> [BRIEF] Copy out every line of the data exactly; do not include the images.

Records from a collection
*** Block opens ***
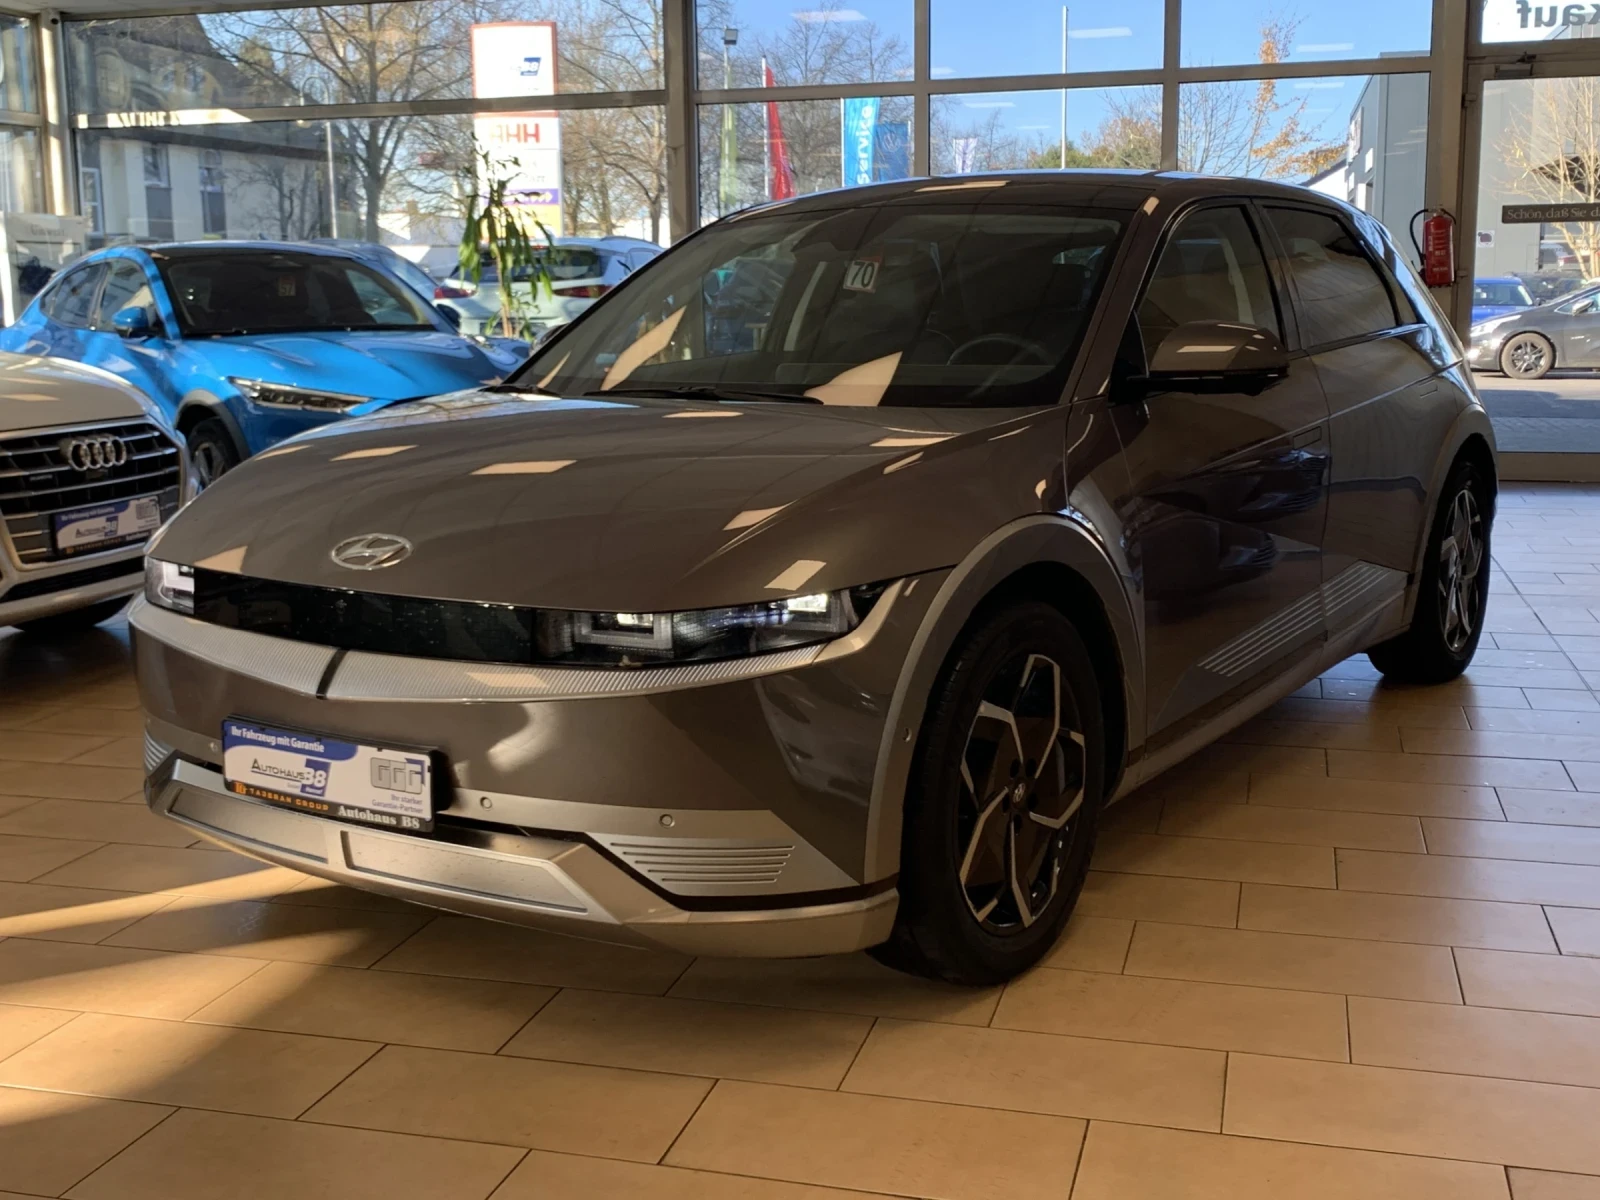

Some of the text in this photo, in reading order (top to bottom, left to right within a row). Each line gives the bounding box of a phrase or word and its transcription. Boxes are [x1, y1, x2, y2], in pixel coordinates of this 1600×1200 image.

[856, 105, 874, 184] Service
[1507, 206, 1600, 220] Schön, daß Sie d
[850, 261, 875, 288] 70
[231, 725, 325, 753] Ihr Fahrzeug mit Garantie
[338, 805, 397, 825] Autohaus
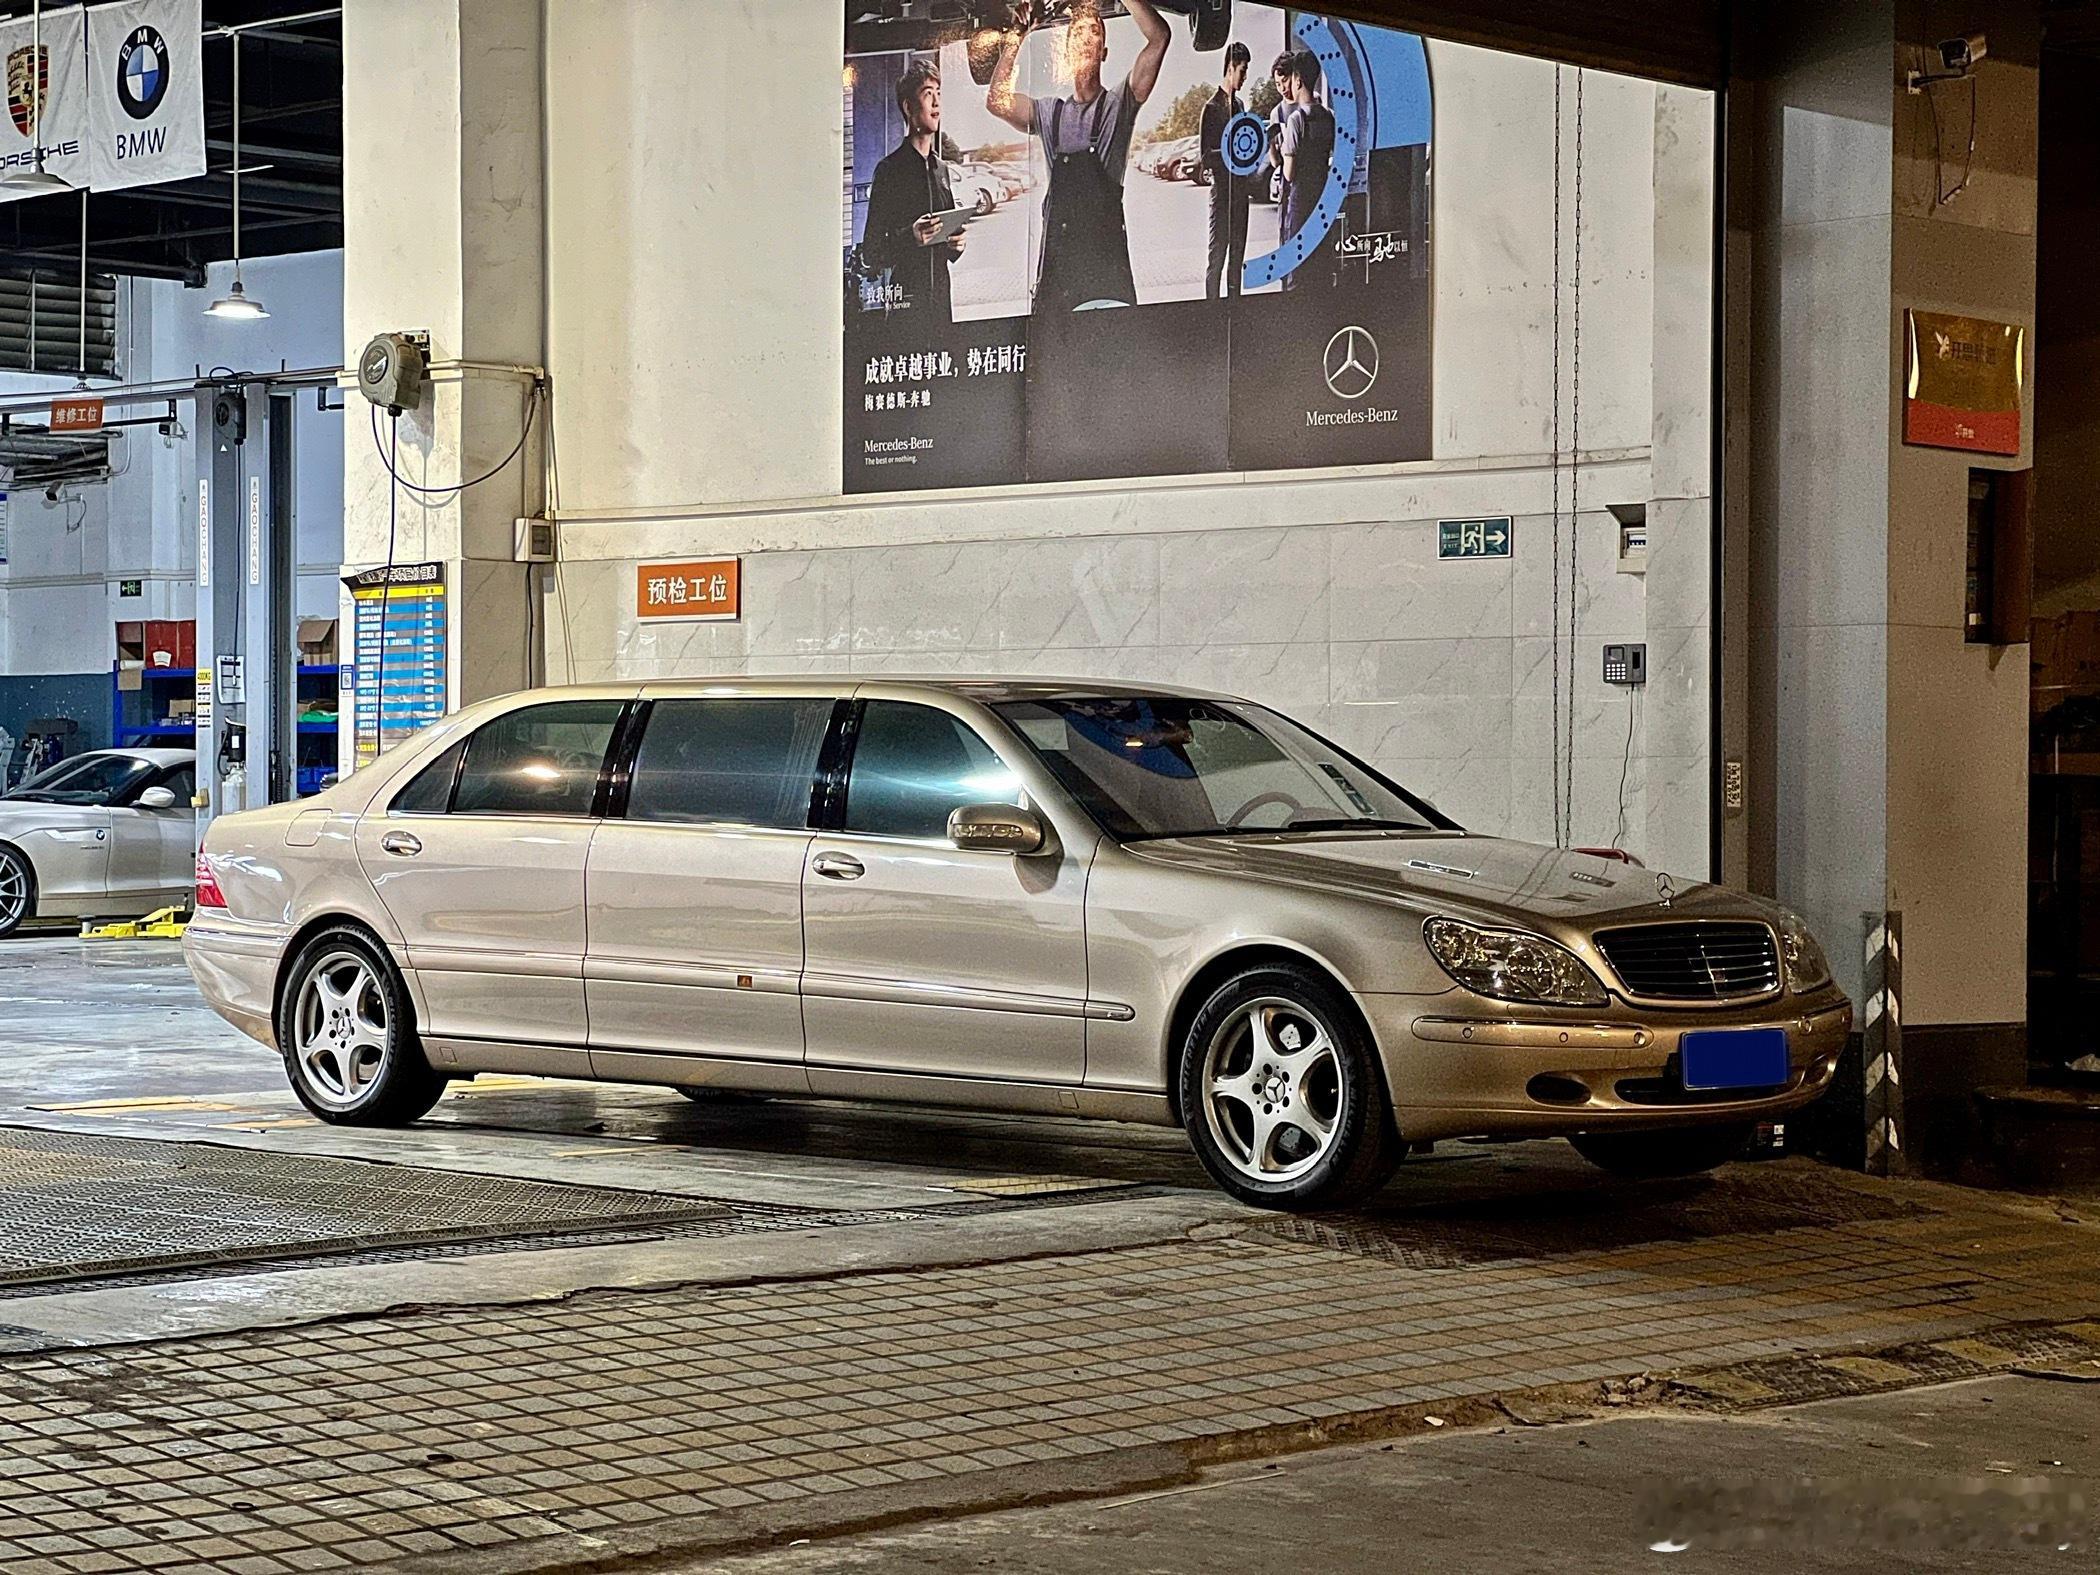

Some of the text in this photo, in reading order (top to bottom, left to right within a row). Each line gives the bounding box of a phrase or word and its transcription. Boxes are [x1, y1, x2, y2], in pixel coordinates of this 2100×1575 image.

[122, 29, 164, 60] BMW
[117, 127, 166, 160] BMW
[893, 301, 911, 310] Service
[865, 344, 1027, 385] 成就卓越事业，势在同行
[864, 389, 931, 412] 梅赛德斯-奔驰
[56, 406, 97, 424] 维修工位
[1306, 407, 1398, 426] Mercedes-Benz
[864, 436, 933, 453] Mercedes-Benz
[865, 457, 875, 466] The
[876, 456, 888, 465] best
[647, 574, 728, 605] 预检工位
*** Block closes ***
> [EXERCISE RESPONSE]
Some of the text in this photo, in reading order (top to bottom, left to right within a row). Each line gives the bounding box of a phrase or word and its transcription. Boxes are [x1, y1, x2, y2], in pixel coordinates of this 1600×1200 image.

[856, 105, 874, 184] Service
[1507, 206, 1600, 220] Schön, daß Sie d
[850, 261, 875, 288] 70
[231, 725, 325, 753] Ihr Fahrzeug mit Garantie
[338, 805, 397, 825] Autohaus

Some of the text in this photo, in reading order (top to bottom, left to right within a row). Each line gives the bounding box of a phrase or word and its transcription. Boxes are [x1, y1, x2, y2], in pixel coordinates of this 2100×1575 image.

[122, 29, 164, 60] BMW
[117, 127, 166, 160] BMW
[893, 301, 911, 310] Service
[865, 344, 1027, 385] 成就卓越事业，势在同行
[864, 389, 931, 412] 梅赛德斯-奔驰
[56, 406, 97, 424] 维修工位
[1306, 407, 1398, 426] Mercedes-Benz
[864, 436, 933, 453] Mercedes-Benz
[865, 457, 875, 466] The
[876, 456, 888, 465] best
[647, 574, 728, 605] 预检工位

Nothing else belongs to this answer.